Promacta Earns Breakthrough Therapy Designation by FDA for Severe Aplastic Anemia

Recently, the FDA granted a breakthrough therapy designation to eltrombopag (Promacta, Novartis) for combination use with standard immunosuppressive therapy as a first-line treatment for patients with severe aplastic anemia (SAA).

SAA is a rare blood disorder in which a patient’s bone marrow fails to produce enough red blood cells, white blood cells, and platelets.

Breakthrough designation therapy provides expedited FDA review for drugs that treat serious or life-threatening conditions that demonstrate a substantial improvement over existing therapies. Eltrombopag received this designation based on results from a phase 1/2 study conducted by researchers at the National Heart, Lung, and Blood Institute of the National Institutes of Health.
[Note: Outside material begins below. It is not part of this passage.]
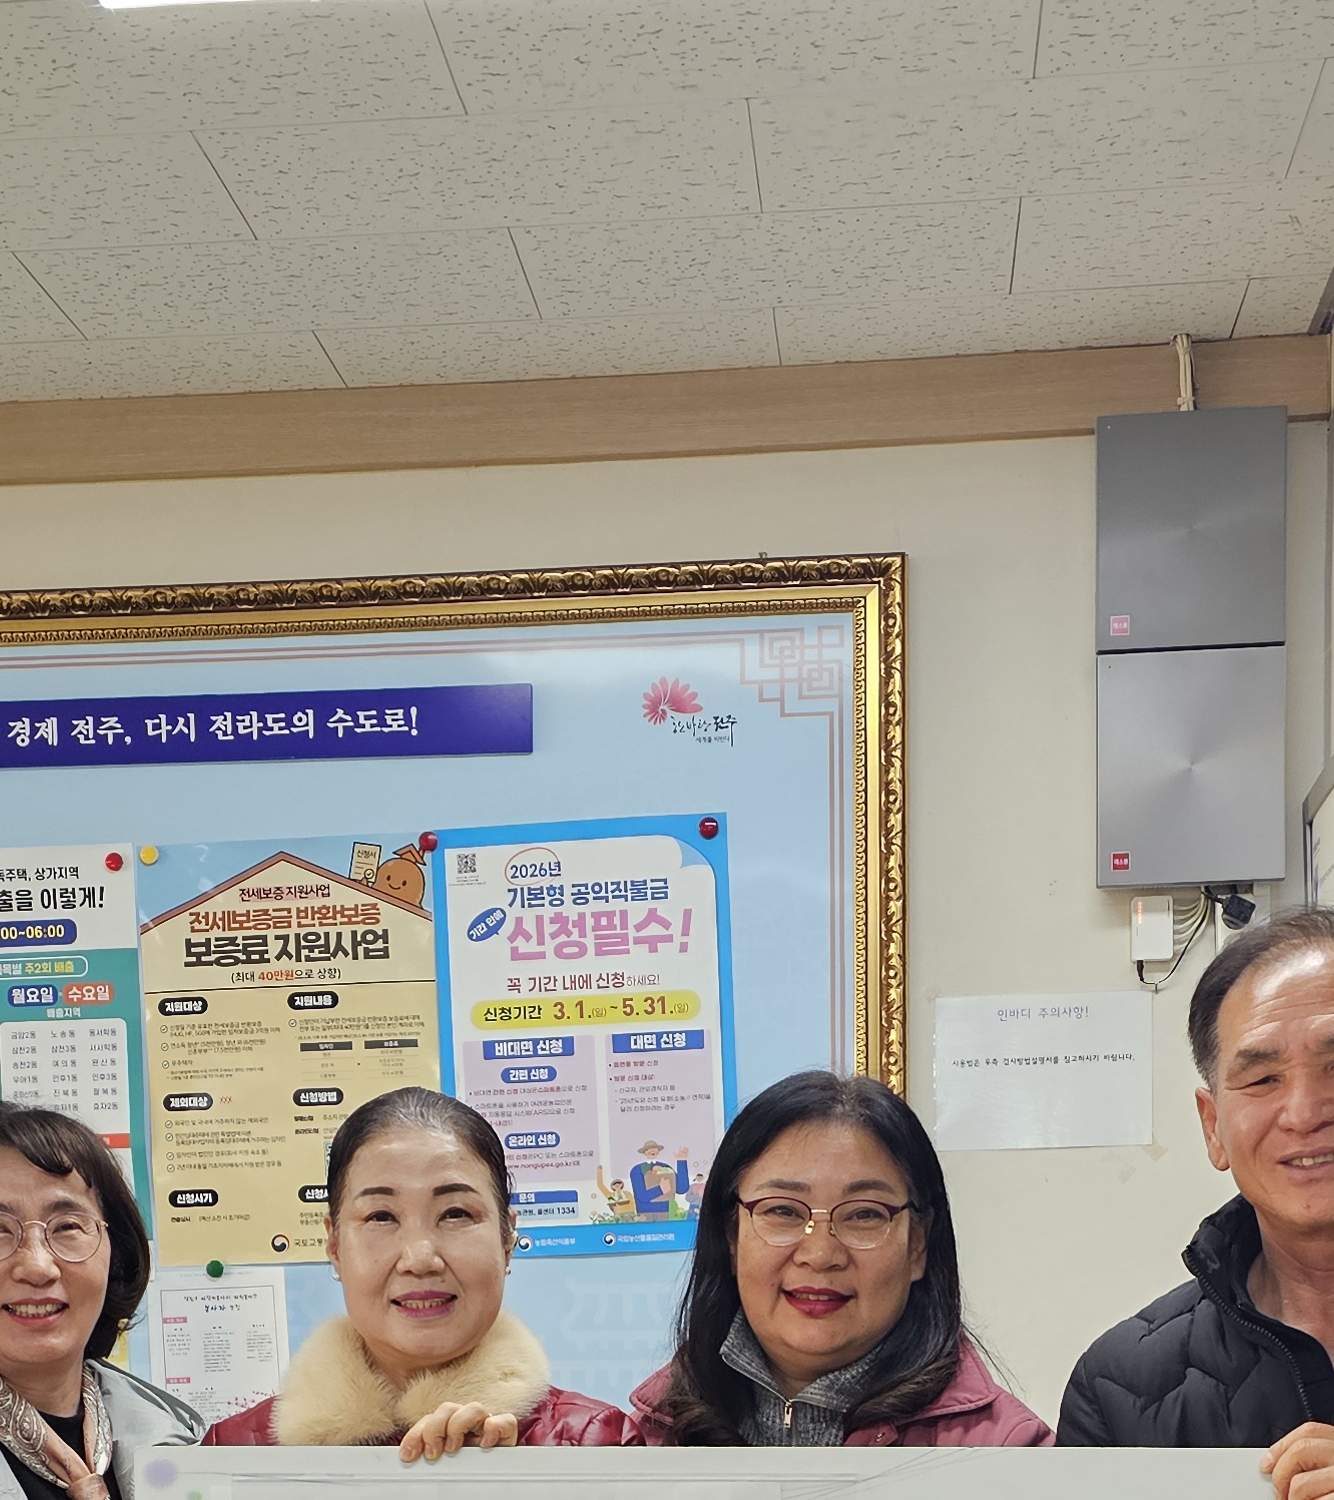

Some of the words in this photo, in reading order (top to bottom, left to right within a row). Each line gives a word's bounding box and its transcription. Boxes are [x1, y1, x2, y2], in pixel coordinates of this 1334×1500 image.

Novartis, who sponsors the drug, conducted an analysis of the study data and found that 52% of newly treated patients with SAA saw a complete response at 6 months when treated with eltrombopag at the start of and in conjunction with standard immunosuppressive treatment. The overall response rate was 85%.

“Promacta is a promising medicine that, if approved for first-line use in severe aplastic anemia, may redefine the standard of care for patients with this rare and seirous bone marrow condition,” said Samit Hirawat, MD, head of Novartis oncology global drug development in a statement. “We will continue to work closely with the FDA to make Promacta available to patients with SAA who are new to treatment as soon as possible.”

Eltrombopag is the only thrombopoietin receptor agonist indicated for the treatment of patients with SAA. Promacta, marketed as Revolade in most countries outside the United States, is also approved as a second-line therapy in patients with refractory SAA, and indicated for usage in adults and children with refractory chronic immune thrombocytopenia.